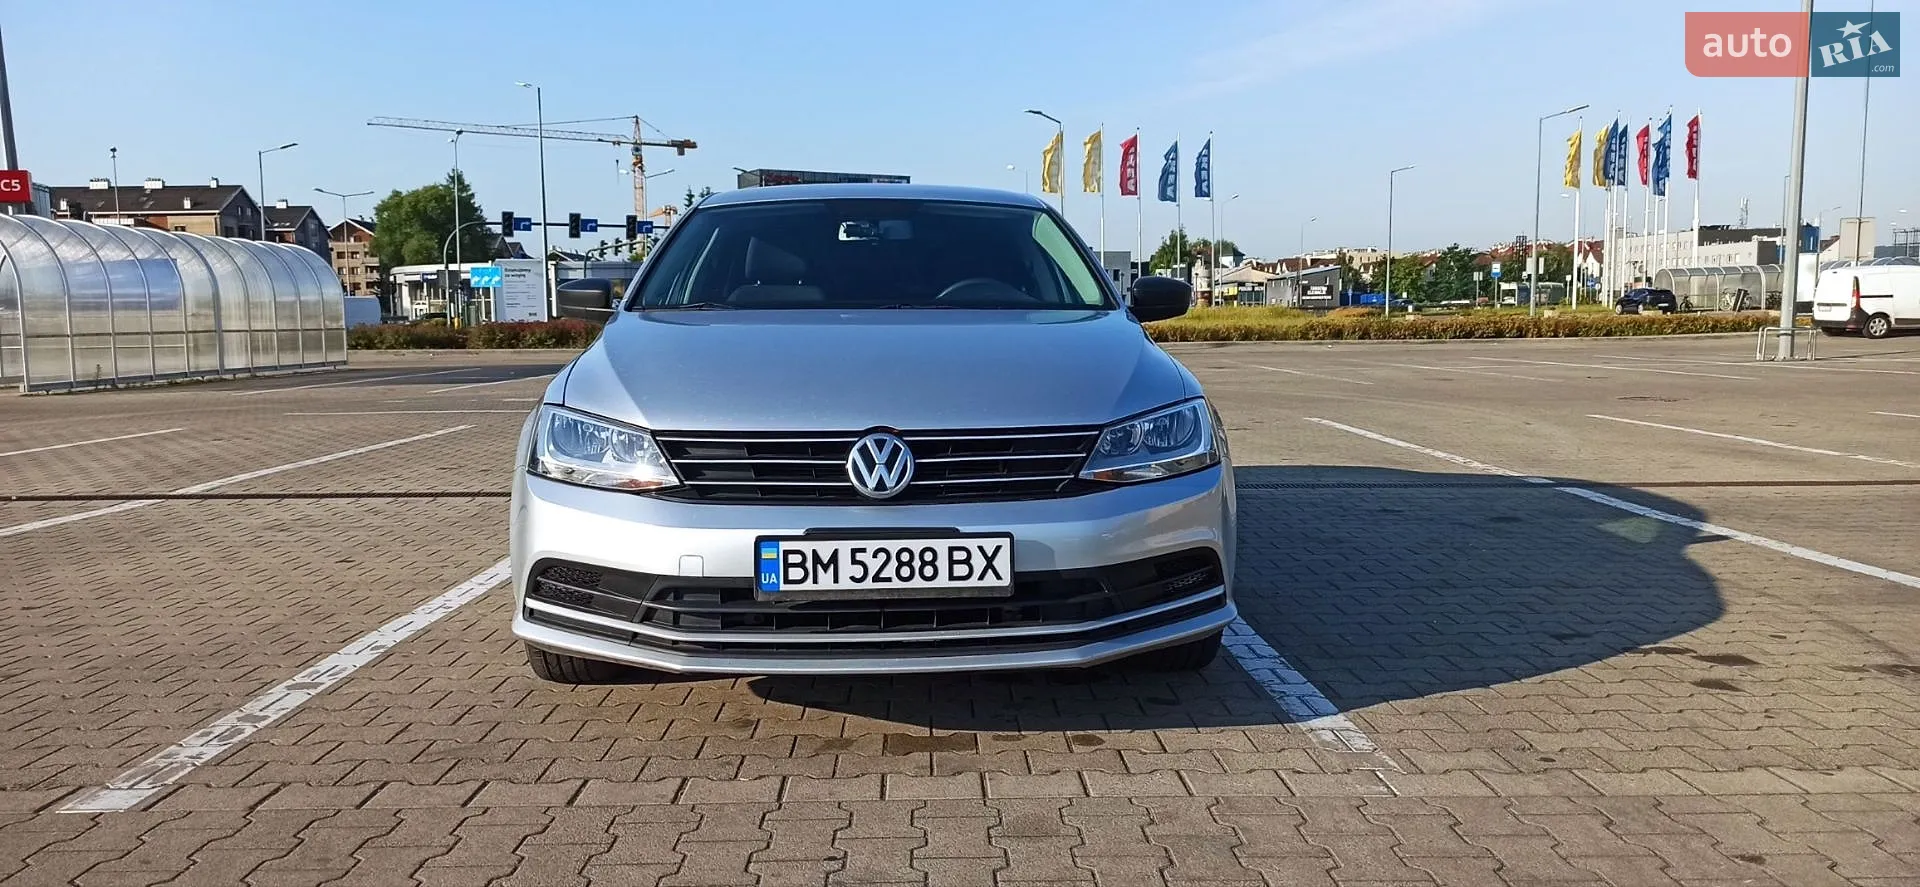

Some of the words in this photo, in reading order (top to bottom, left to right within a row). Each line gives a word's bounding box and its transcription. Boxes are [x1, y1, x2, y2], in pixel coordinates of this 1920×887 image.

[0, 179, 21, 192] C5
[782, 548, 840, 585] BM
[849, 546, 939, 584] 5288
[948, 545, 1003, 582] BX
[761, 572, 778, 585] UA

──────────

:: TASK INSTRUCTIONS ::
Repeat each line of the records exactly, dropping the pictures.

:: WRITTEN RESPONSE ::
Some of the words in this photo, in reading order (top to bottom, left to right within a row). Each line gives a word's bounding box and its transcription. Boxes are [x1, y1, x2, y2], in pixel coordinates of this 1920×887 image.

[0, 179, 21, 192] C5
[782, 548, 840, 585] BM
[849, 546, 939, 584] 5288
[948, 545, 1003, 582] BX
[761, 572, 778, 585] UA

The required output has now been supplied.